--- INFORMATION SUPPLIED Enclosed Below ---

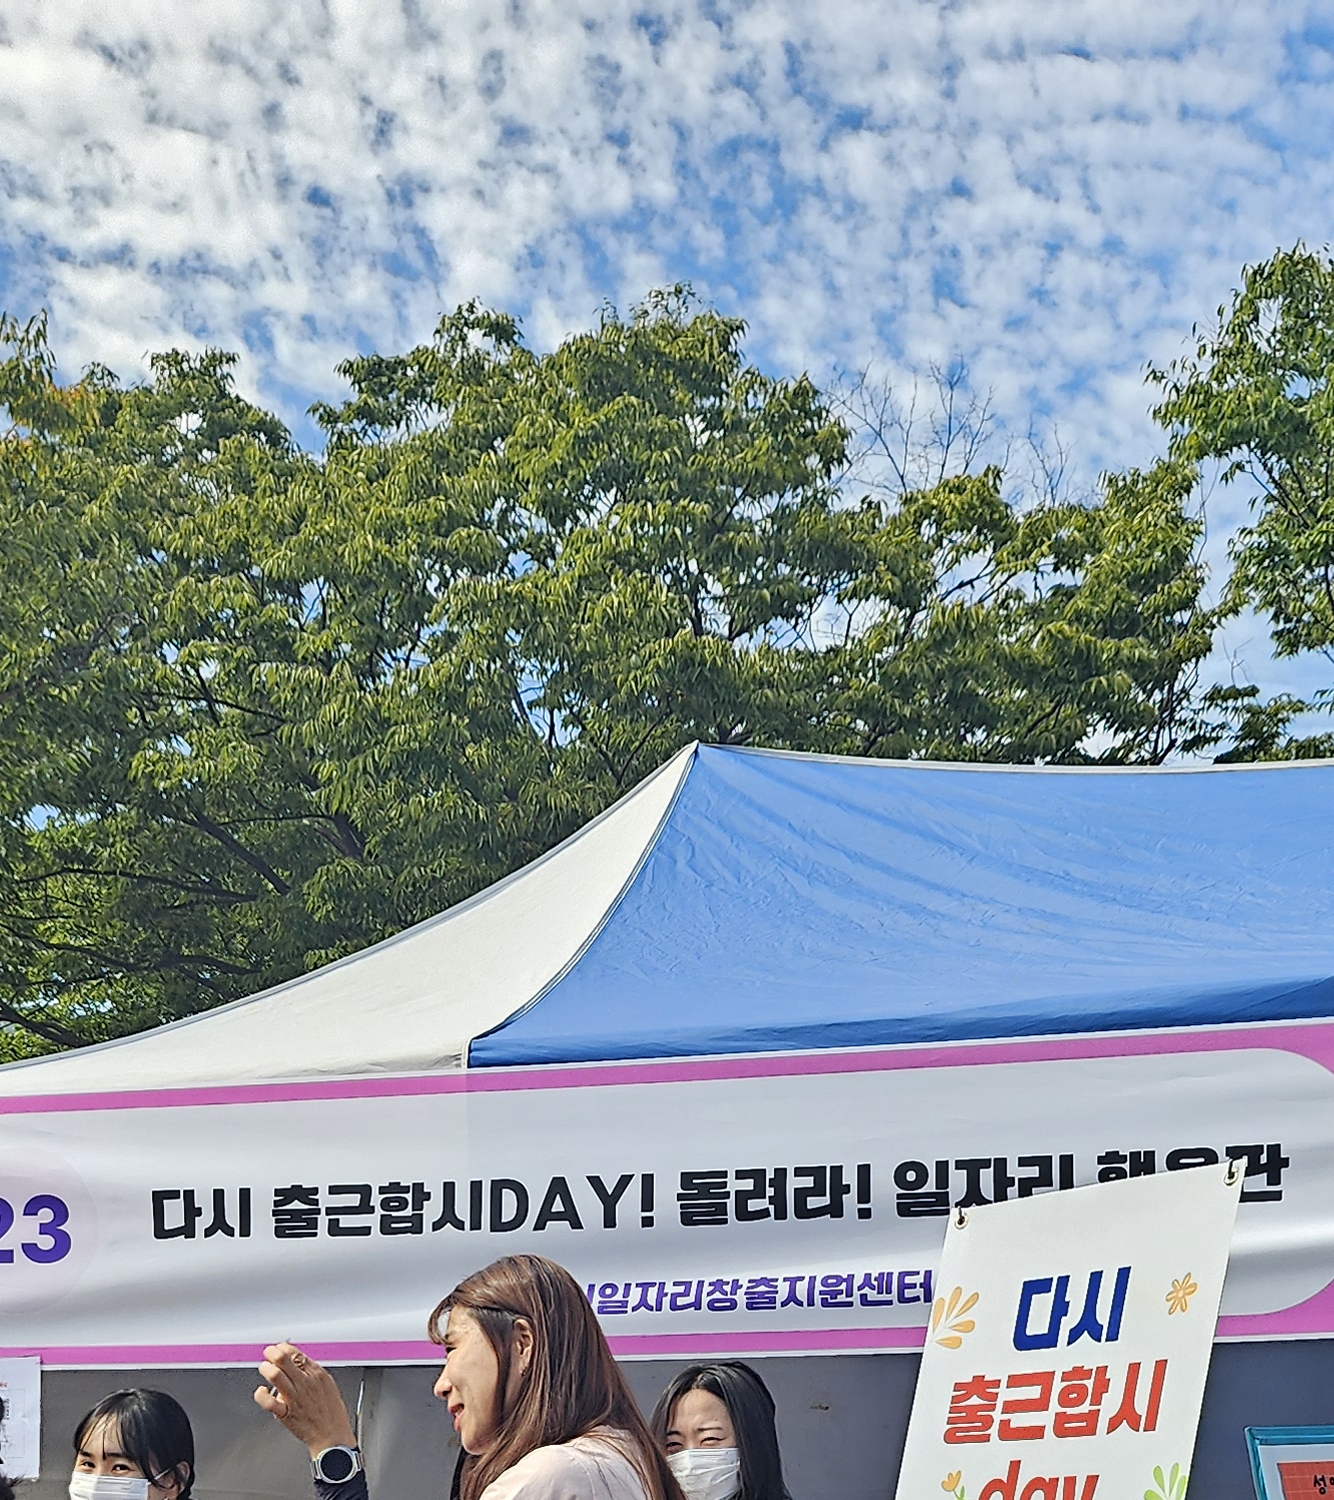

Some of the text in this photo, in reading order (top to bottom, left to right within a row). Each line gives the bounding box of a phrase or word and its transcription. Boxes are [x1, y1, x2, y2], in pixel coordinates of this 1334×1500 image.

[152, 1143, 1290, 1242] 다시 출근합시DAY! 돌려라! 일자리 행판
[586, 1269, 934, 1315] 일자리창출지원센터
[1013, 1266, 1132, 1351] 다시
[943, 1359, 1168, 1444] 출근합시

--- End of Enclosed INFORMATION SUPPLIED ---

EXERCISE PROMPT
Pictures must not appear in the copy, which must otherwise match the listing exactly.

YOUR SOLUTION
Some of the text in this photo, in reading order (top to bottom, left to right within a row). Each line gives the bounding box of a phrase or word and its transcription. Boxes are [x1, y1, x2, y2], in pixel coordinates of this 1334×1500 image.

[152, 1143, 1290, 1242] 다시 출근합시DAY! 돌려라! 일자리 행판
[586, 1269, 934, 1315] 일자리창출지원센터
[1013, 1266, 1132, 1351] 다시
[943, 1359, 1168, 1444] 출근합시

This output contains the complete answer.